-- Task requirements --
Copy out the data word for word, without any of its pictures.
(Provided information begins)
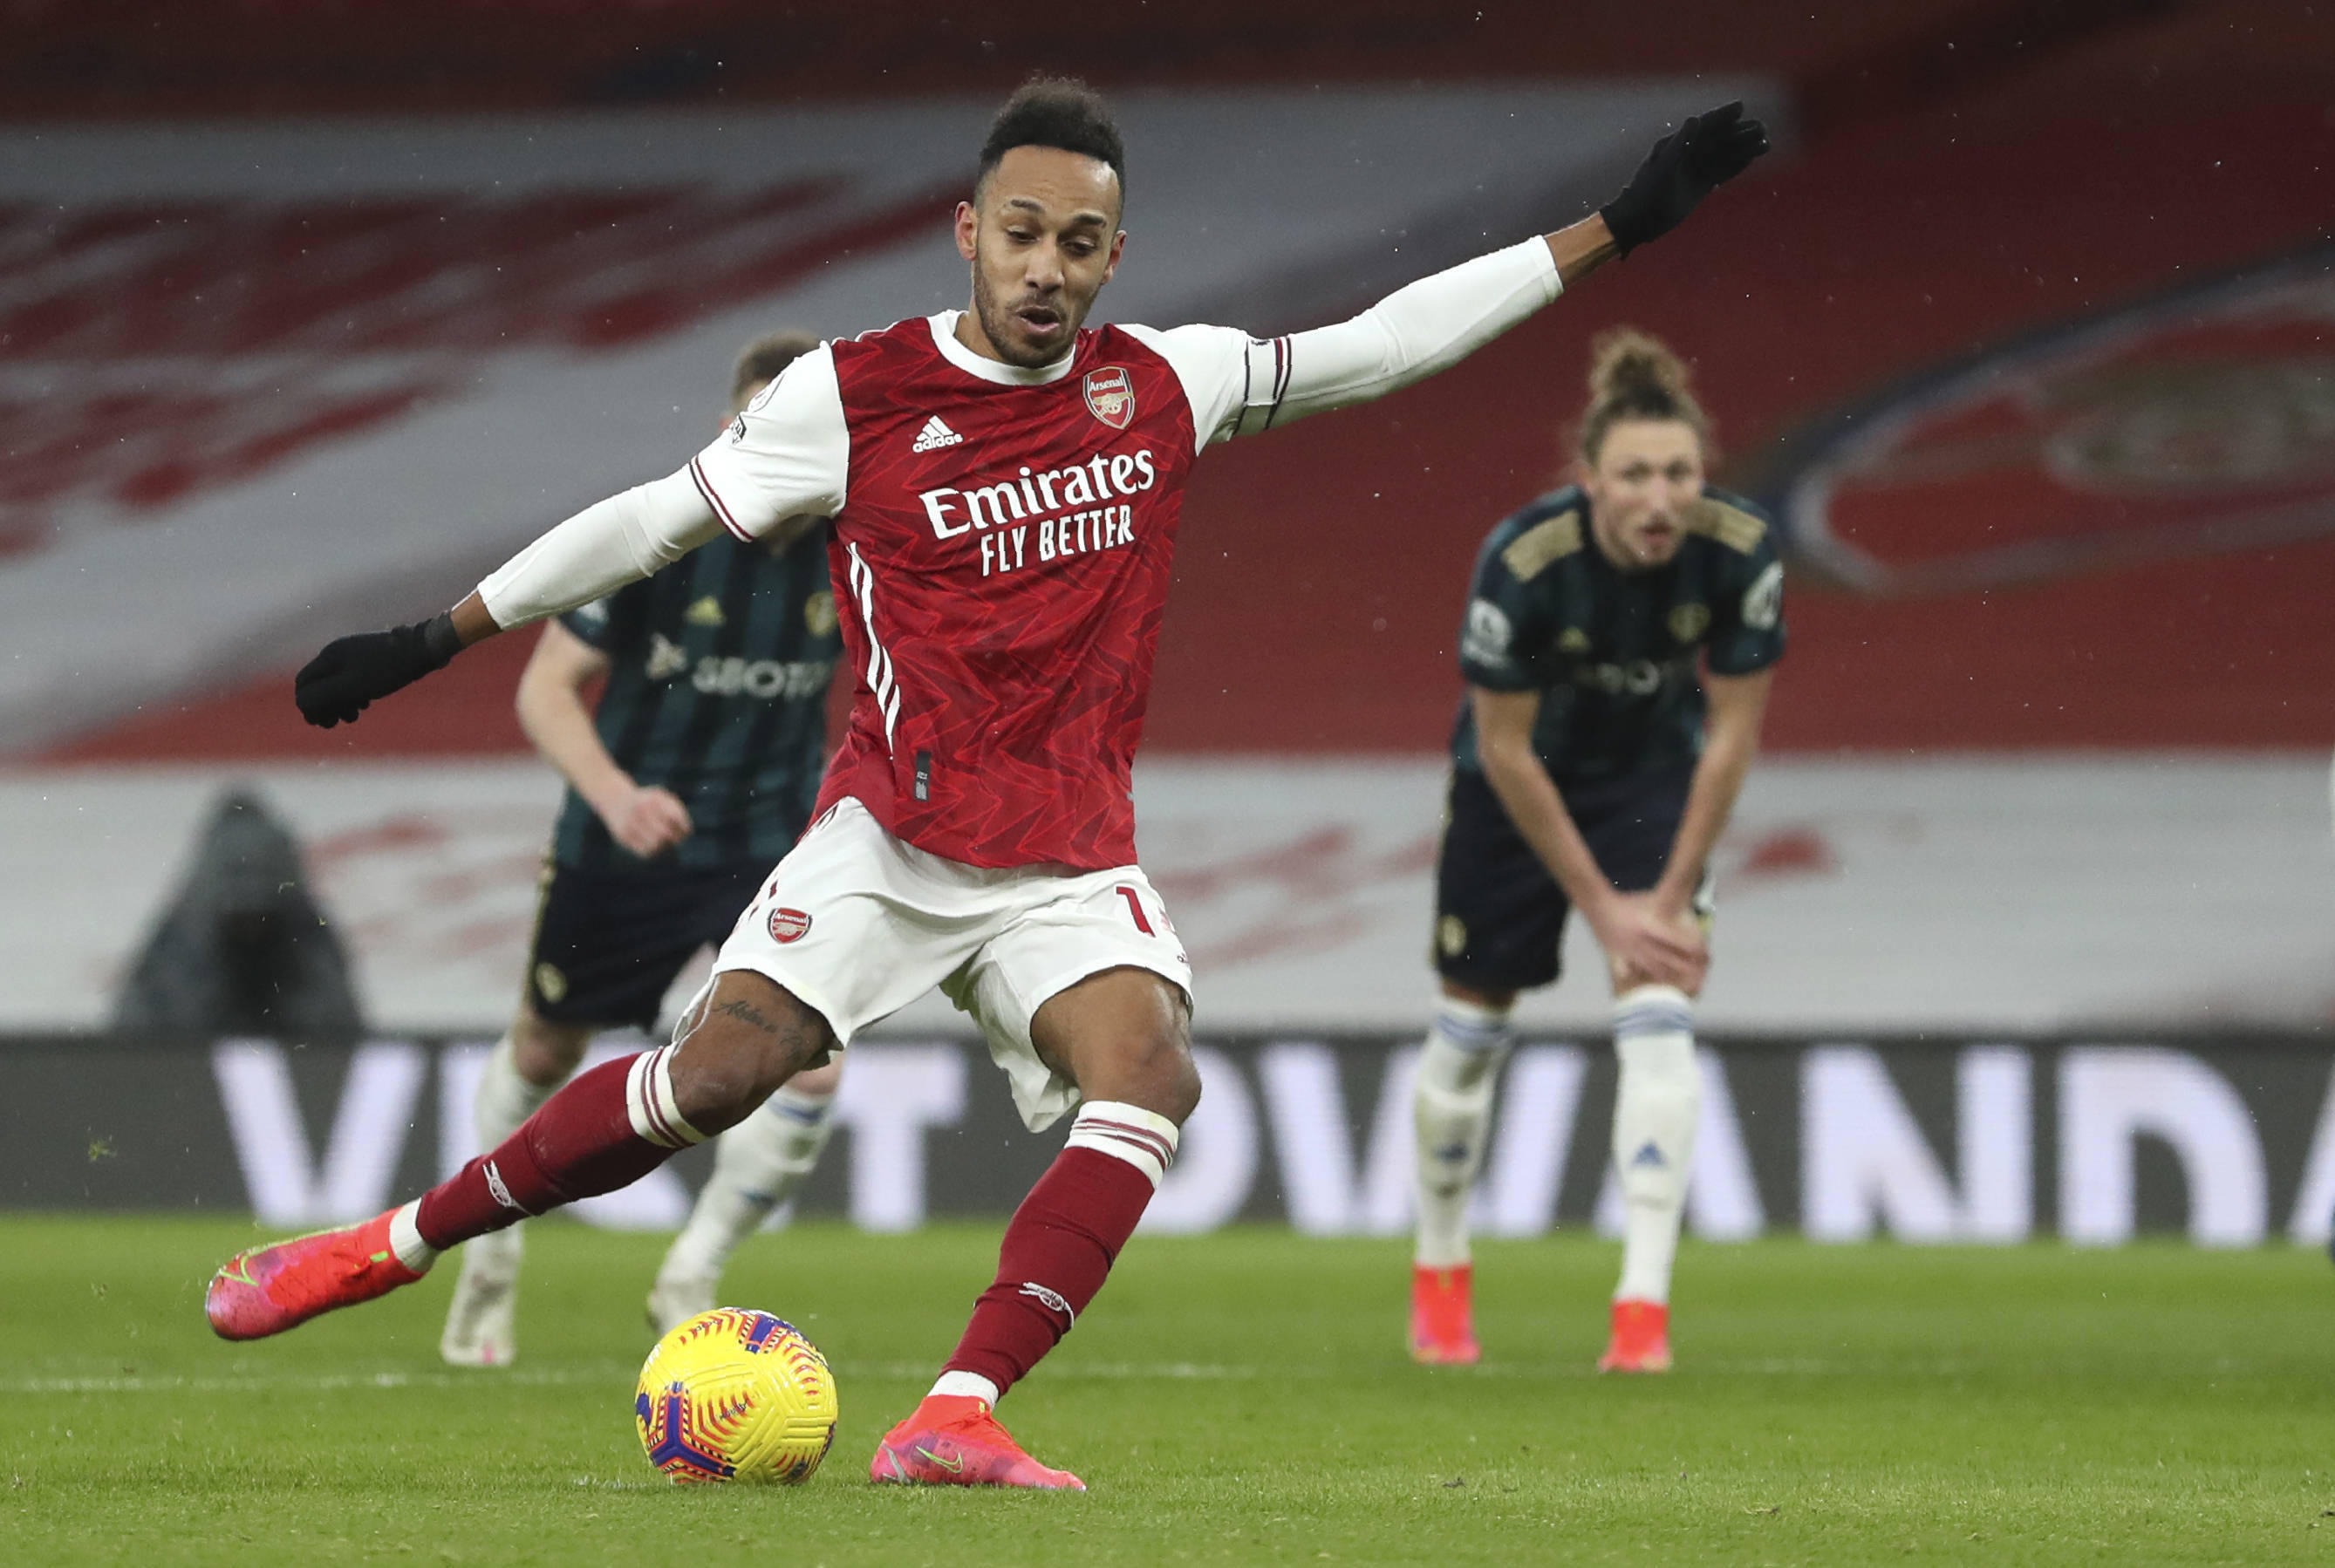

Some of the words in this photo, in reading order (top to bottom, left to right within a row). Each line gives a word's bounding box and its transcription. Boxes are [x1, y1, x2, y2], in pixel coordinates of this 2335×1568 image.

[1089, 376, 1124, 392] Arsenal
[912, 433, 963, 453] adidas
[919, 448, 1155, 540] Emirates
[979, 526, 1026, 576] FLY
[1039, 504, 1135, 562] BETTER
(Provided information ends)
-- Exercise response --
Some of the words in this photo, in reading order (top to bottom, left to right within a row). Each line gives a word's bounding box and its transcription. Boxes are [x1, y1, x2, y2], in pixel coordinates of this 2335×1568 image.

[1089, 376, 1124, 392] Arsenal
[912, 433, 963, 453] adidas
[919, 448, 1155, 540] Emirates
[979, 526, 1026, 576] FLY
[1039, 504, 1135, 562] BETTER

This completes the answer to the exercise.